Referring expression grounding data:
* * * * * * * * *

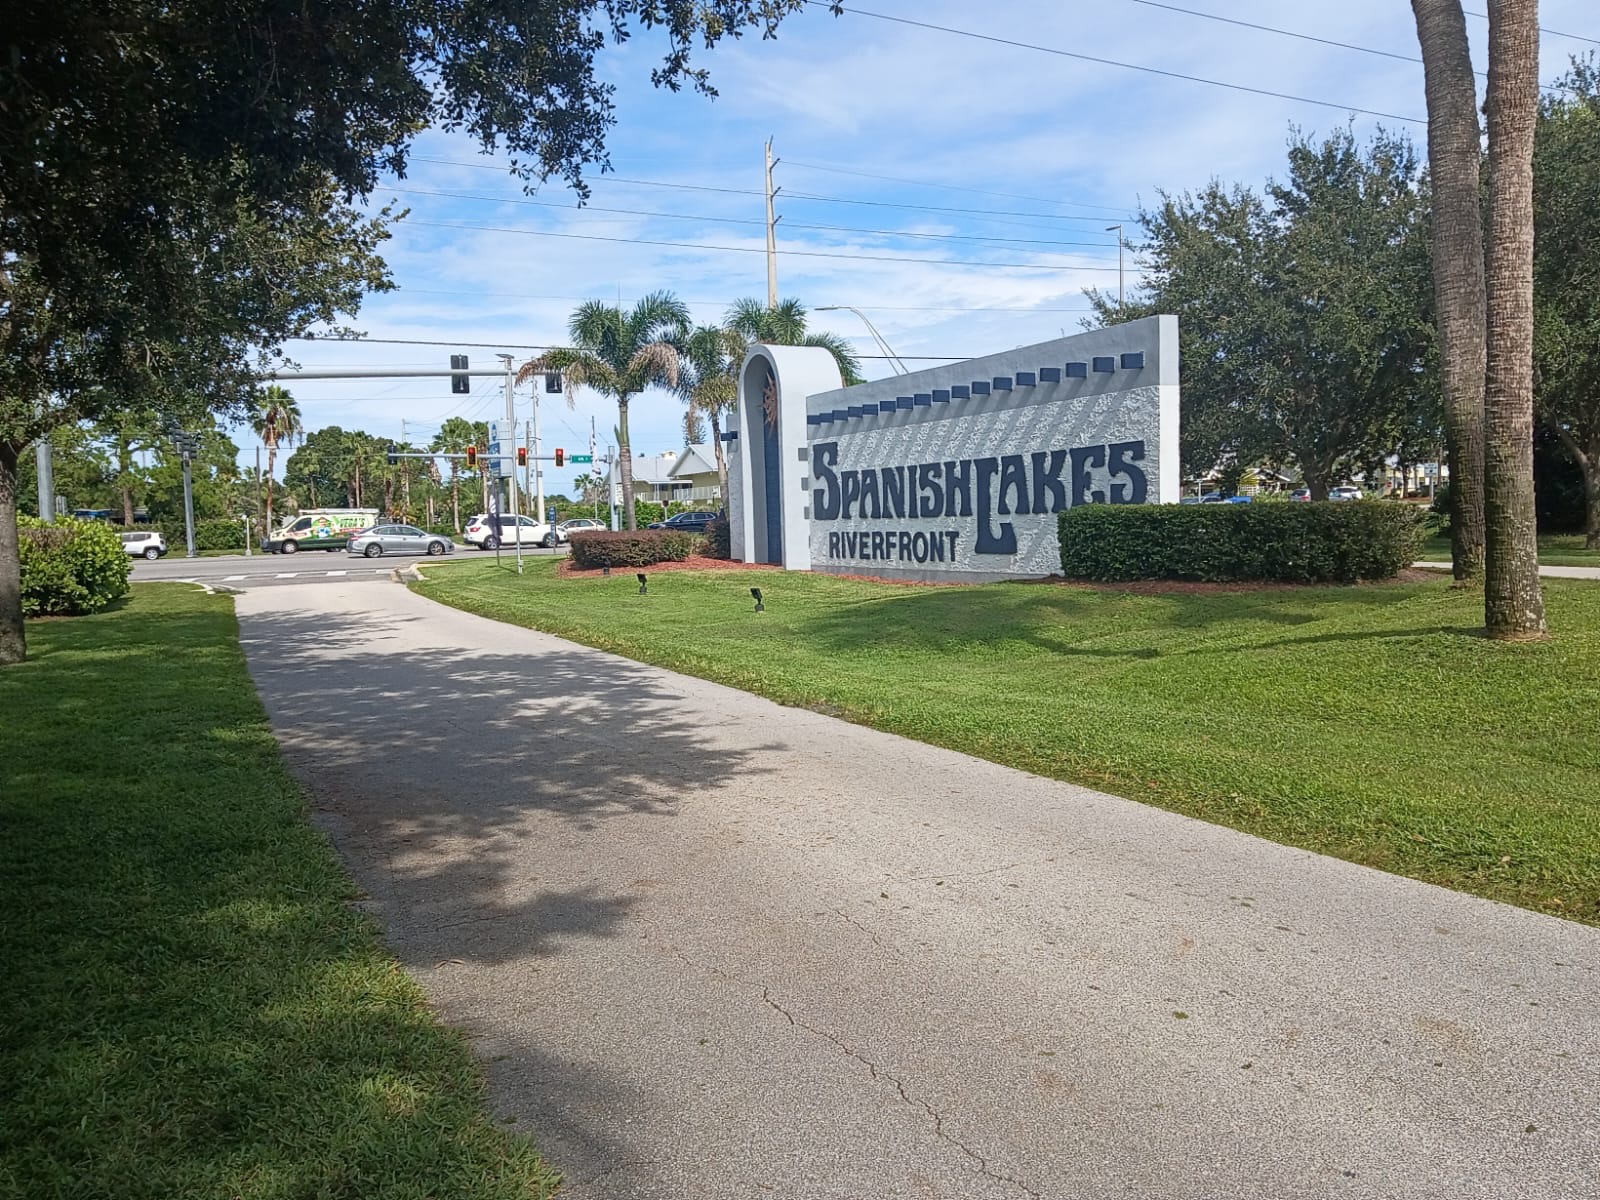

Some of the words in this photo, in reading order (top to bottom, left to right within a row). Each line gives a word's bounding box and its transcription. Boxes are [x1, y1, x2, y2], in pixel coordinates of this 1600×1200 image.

[812, 442, 972, 520] SPANISH
[974, 440, 1147, 554] LAKES
[830, 531, 959, 563] RIVERFRONT
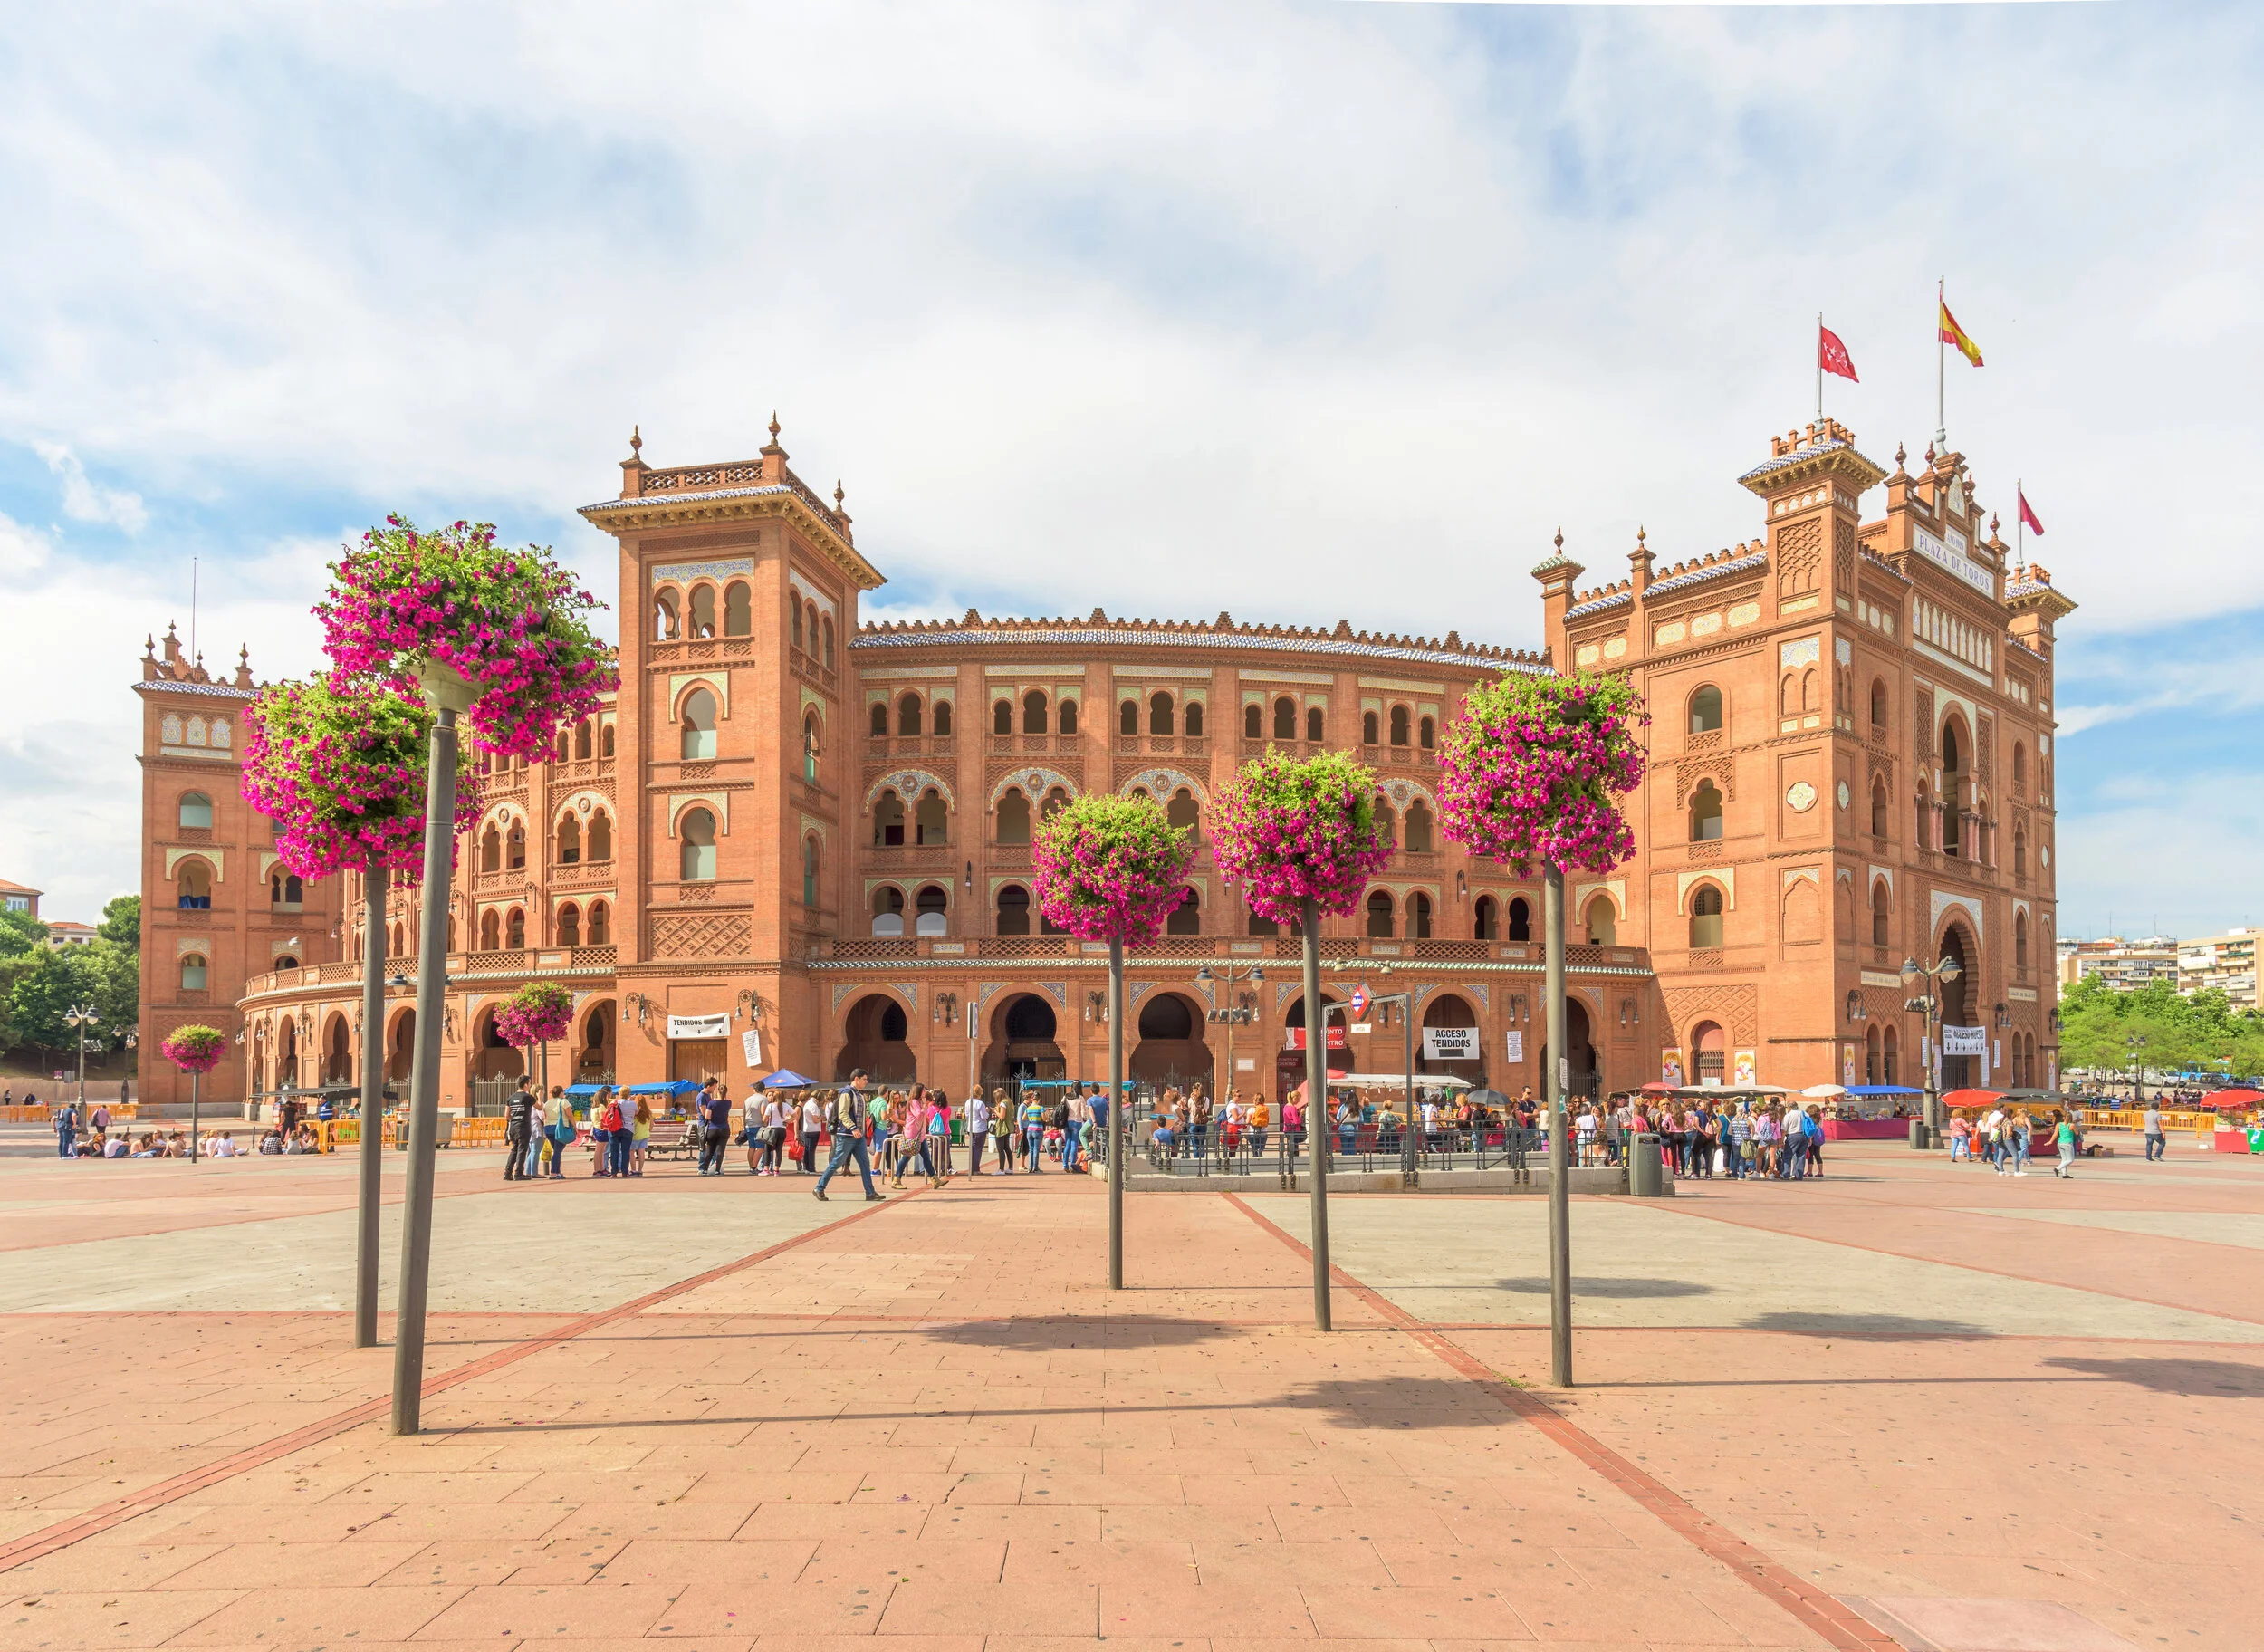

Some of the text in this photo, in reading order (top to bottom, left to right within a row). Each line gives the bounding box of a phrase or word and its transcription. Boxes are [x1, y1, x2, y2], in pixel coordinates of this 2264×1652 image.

[1919, 534, 1990, 591] PLAZA DE TOROS
[1435, 1030, 1467, 1038] ACCESO
[1432, 1039, 1471, 1048] TENDIDOS

* * * * * * * * *

WORK TO COMPLETE:
When you copy the data above, keep each line exact and omit the pictures.

REPLY:
Some of the words in this photo, in reading order (top to bottom, left to right within a row). Each line gives a word's bounding box and its transcription. Boxes are [x1, y1, x2, y2], in pixel coordinates of this 1600×1200 image.

[812, 442, 972, 520] SPANISH
[974, 440, 1147, 554] LAKES
[830, 531, 959, 563] RIVERFRONT

Some of the text in this photo, in reading order (top to bottom, left to right within a row). Each line gives the bounding box of a phrase or word and its transcription. Boxes are [x1, y1, x2, y2], in pixel coordinates of this 2264×1652 image.

[1919, 534, 1990, 591] PLAZA DE TOROS
[1435, 1030, 1467, 1038] ACCESO
[1432, 1039, 1471, 1048] TENDIDOS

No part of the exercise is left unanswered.